───── Source data ─────

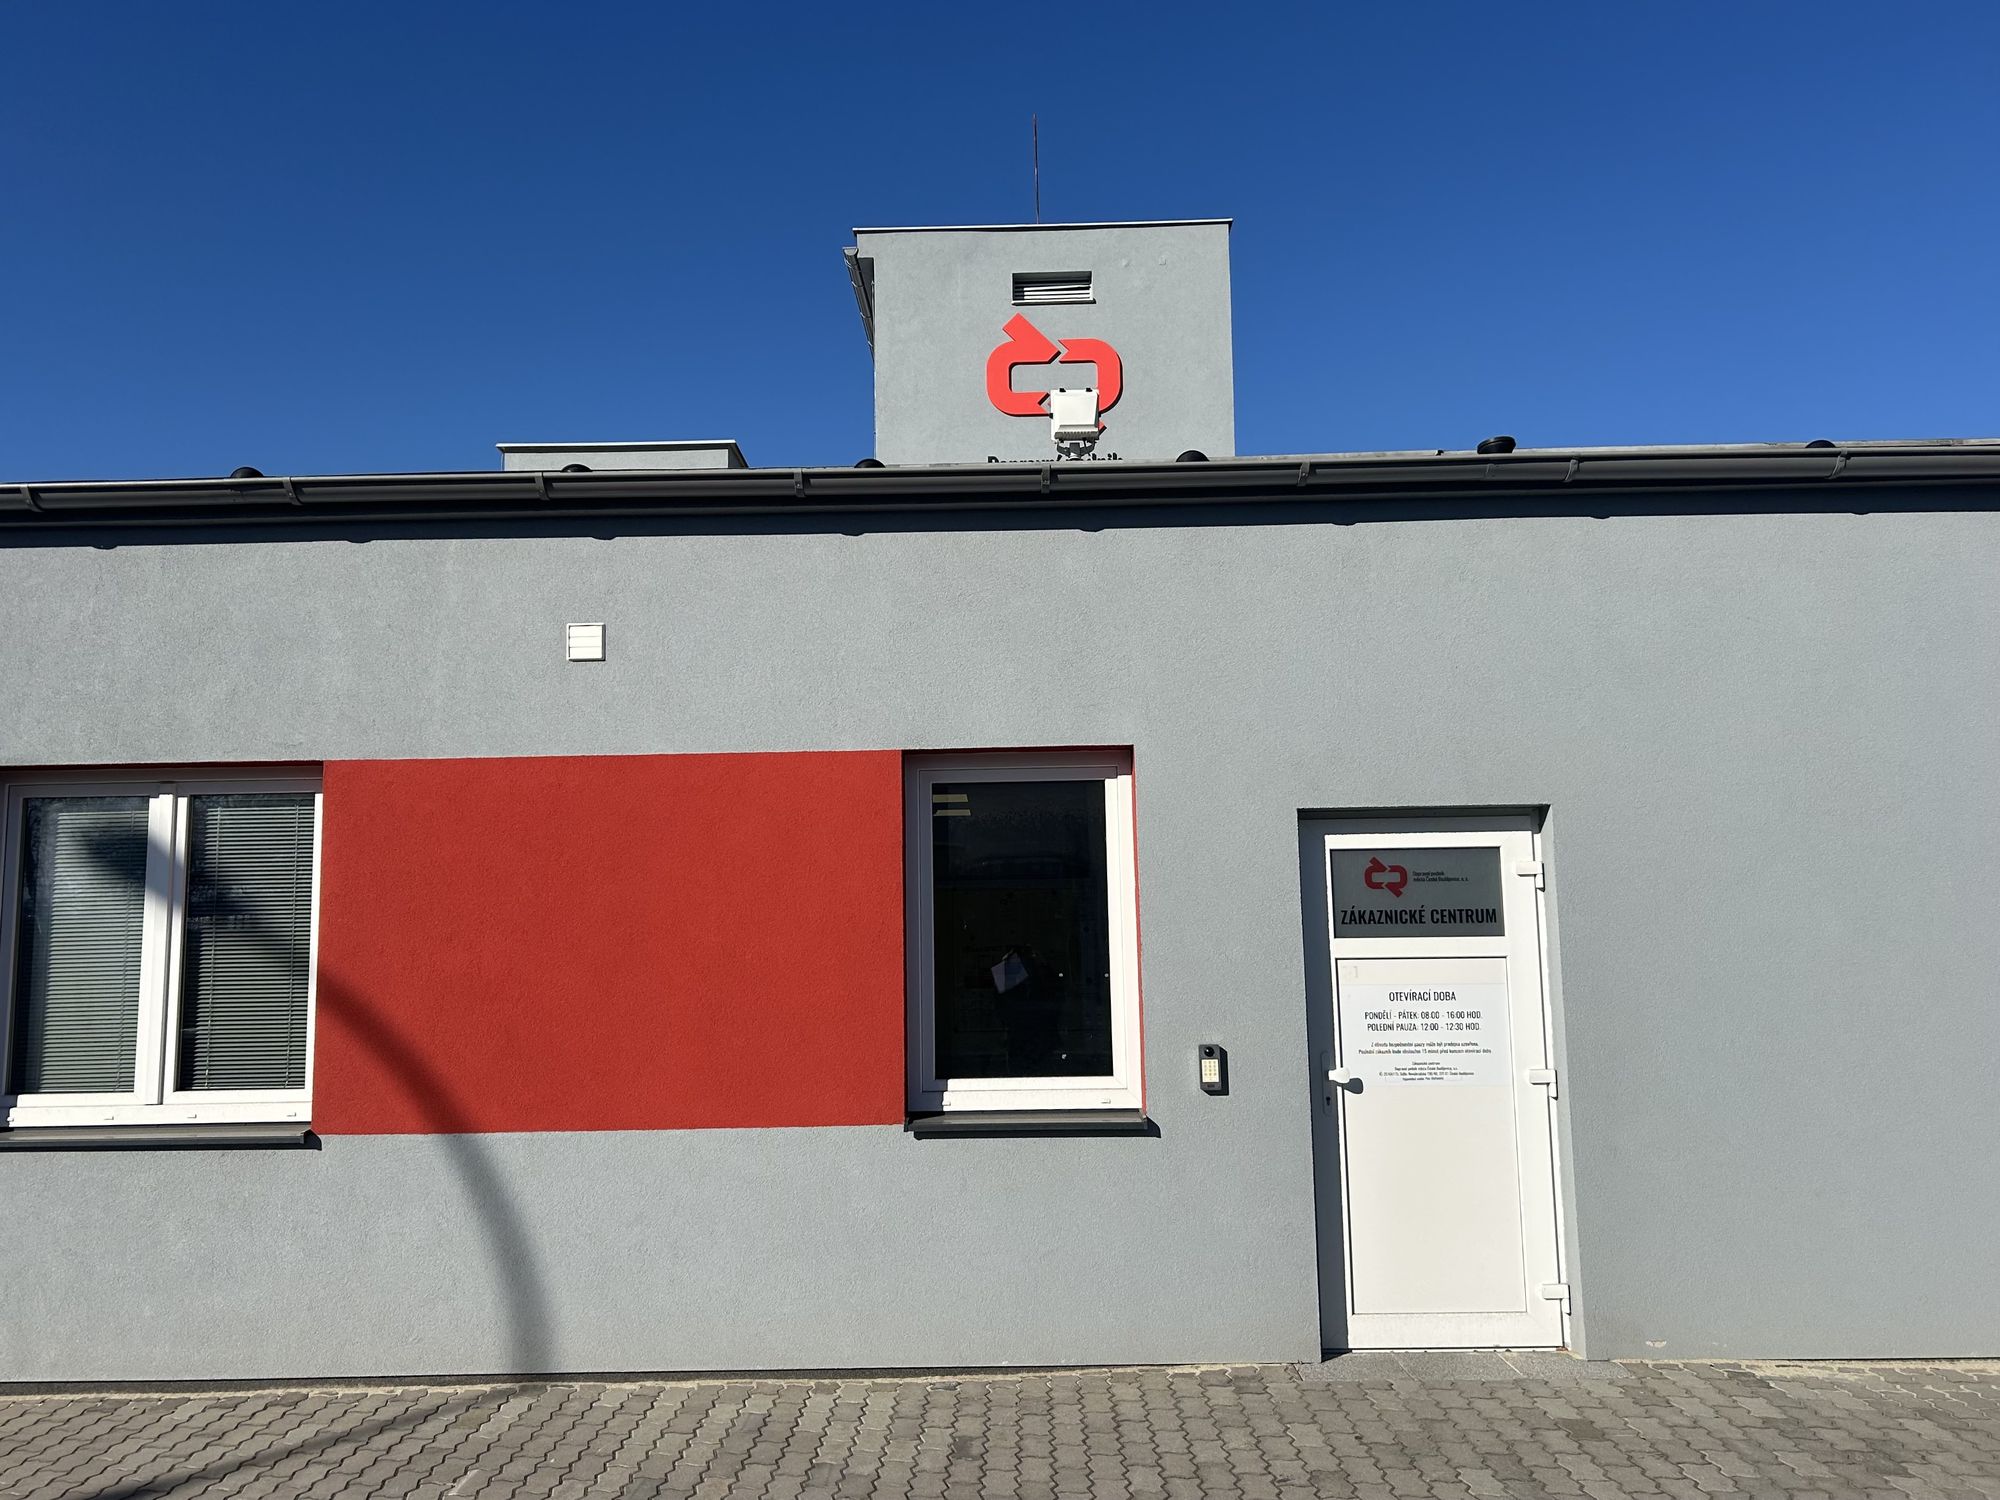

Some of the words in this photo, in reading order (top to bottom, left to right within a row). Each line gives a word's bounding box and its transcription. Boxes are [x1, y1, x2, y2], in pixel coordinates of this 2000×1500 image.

[1340, 905, 1426, 925] ZÁKAZNICKÉ
[1430, 908, 1497, 924] CENTRUM
[1388, 988, 1431, 1002] OTEVÍRACÍ
[1433, 991, 1457, 1002] DOBA
[1364, 1009, 1392, 1020] PONDĚLÍ
[1398, 1009, 1419, 1020] PÁTEK:
[1446, 1010, 1465, 1019] 16:00
[1466, 1010, 1483, 1019] HOD.
[1367, 1021, 1395, 1032] POLEDNÍ
[1420, 1022, 1439, 1031] 12:00
[1446, 1022, 1464, 1031] 12:30
[1465, 1022, 1482, 1031] HOD.

─────

The problem: Set down each entry above exactly as it appears. Omit the pictures.

Solution for this problem:
Some of the words in this photo, in reading order (top to bottom, left to right within a row). Each line gives a word's bounding box and its transcription. Boxes are [x1, y1, x2, y2], in pixel coordinates of this 2000×1500 image.

[1340, 905, 1426, 925] ZÁKAZNICKÉ
[1430, 908, 1497, 924] CENTRUM
[1388, 988, 1431, 1002] OTEVÍRACÍ
[1433, 991, 1457, 1002] DOBA
[1364, 1009, 1392, 1020] PONDĚLÍ
[1398, 1009, 1419, 1020] PÁTEK:
[1446, 1010, 1465, 1019] 16:00
[1466, 1010, 1483, 1019] HOD.
[1367, 1021, 1395, 1032] POLEDNÍ
[1420, 1022, 1439, 1031] 12:00
[1446, 1022, 1464, 1031] 12:30
[1465, 1022, 1482, 1031] HOD.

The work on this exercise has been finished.